On aimerait goûter cette tension entre dandysme et dynamisme qui caractérise Alain Chamfort, croisement entre un Alain Souchon et un Étienne Daho qui se serait plu à tremper les doigts dans le pot à dance, mais la seconde voix de la claviériste, par
- sa justesse relative,
- son timbre parfois crissant et
- son inutilité musicale,
fracasse un brin notre inclination pour cette contradiction élégante. « Whisky glace », titre-phare de la collab’ avec Sébastien Tellier, libère le danseur du pied de son micro. Après quoi, l’interprète remercie ses paroliers et part sur « Par inadvertance » en guitare-voix. Peut-être par volonté de se rapprocher du disque, la direction musicale évite la radicalité d’une chanson dépouillée, comme s’il s’agissait de calquer la scène sur le studio. Sont donc rapidement convoqués les autres musiciens, au lieu de prolonger un climat plus resserré qui tranchait précieusement avec le potentiel de décibels : dommage !

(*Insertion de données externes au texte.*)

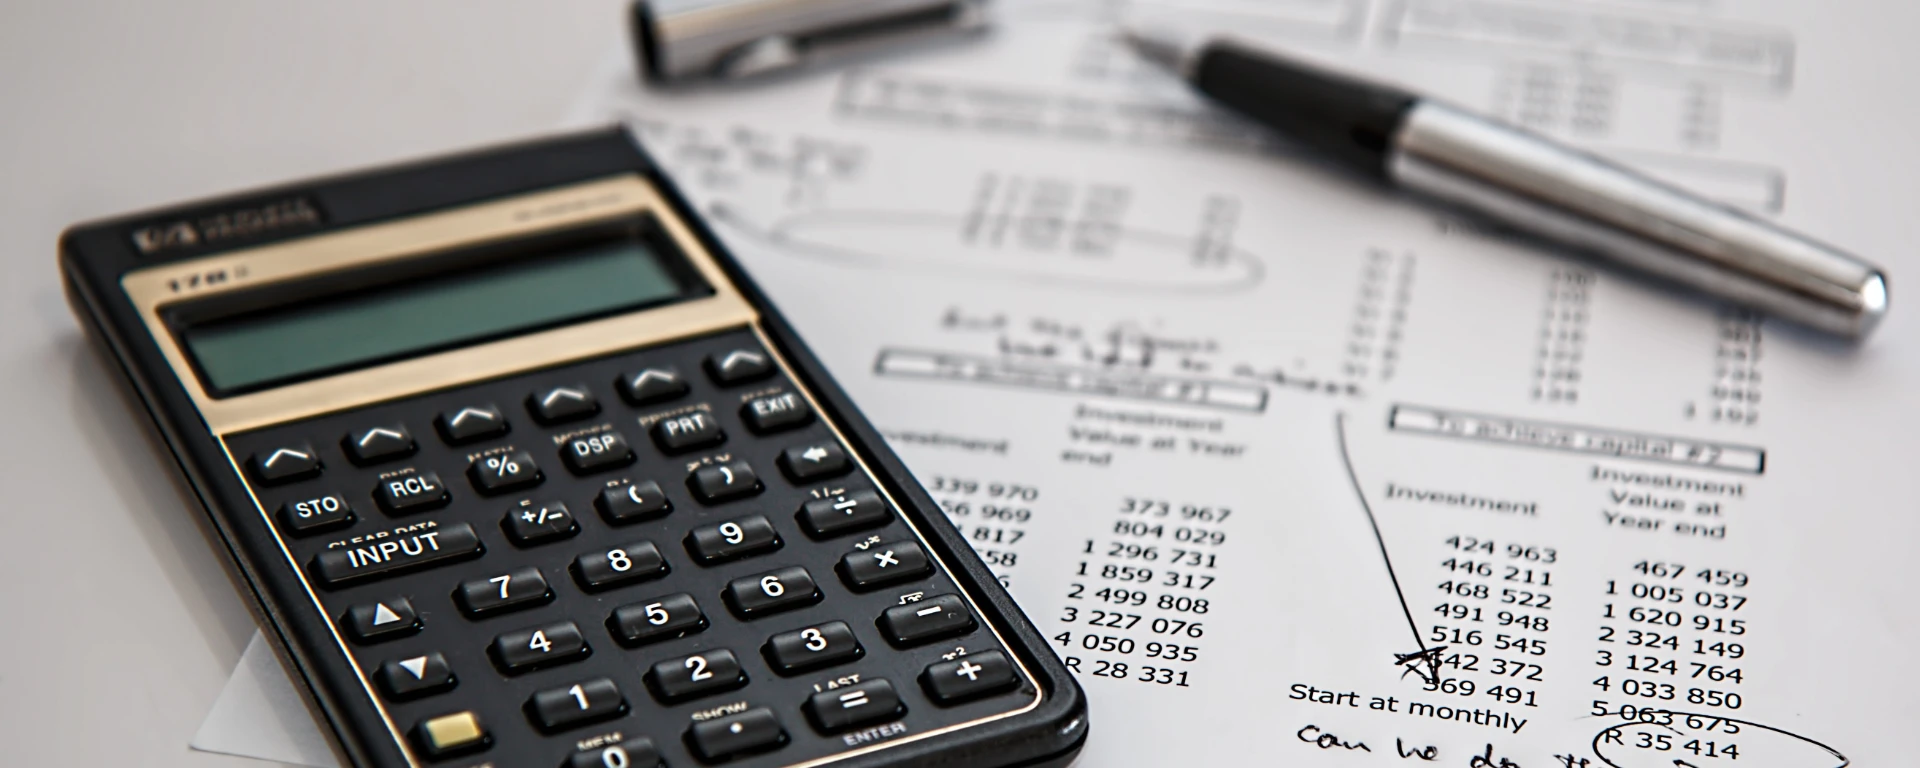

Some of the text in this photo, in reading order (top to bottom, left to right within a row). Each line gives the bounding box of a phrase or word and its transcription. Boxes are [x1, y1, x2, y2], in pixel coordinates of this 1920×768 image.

Un medley entérine la mutation d’atmosphère avec son ambiance saturday night fever mêlant des extraits de « Bébé polaroïd », « Bons baisers d’ici » et « Souris puisque c’est grave ». La salle est invitée à danser (pas facile en configuration sièges ultra rapprochés) et à clap-claper, façon d’adresser des « baisers du ciel » au chanteur de charme. Les spectateurs ne sont pas au bout de leur communion puisque surgit « Traces de toi », une fredonnerie de Didier Golemanas et Alain Chamfort extraite de Tendres fièvres (1986), où les fans de longue date se donneront au chanteur sans confession en criant avec lui quand leurs cœurs font « bing bing bing ». Alors que le temps file,
- pour nos battements de palpitant,
- pour le concert, et
- pour les Anciens présents qui se rapprochent de leur mort tout en s’accrochant à leur jeunesse musicale,
le chanteur avoue que ce tempus fugit l’a toujours préoccupé, même très jeune. Et le septuagénaire d’ajouter joliment :
avec le public, le temps passe encore plus vite. Alors, je voulais vous remercier pour ça, mais vous dire que je vous en veux un peu aussi.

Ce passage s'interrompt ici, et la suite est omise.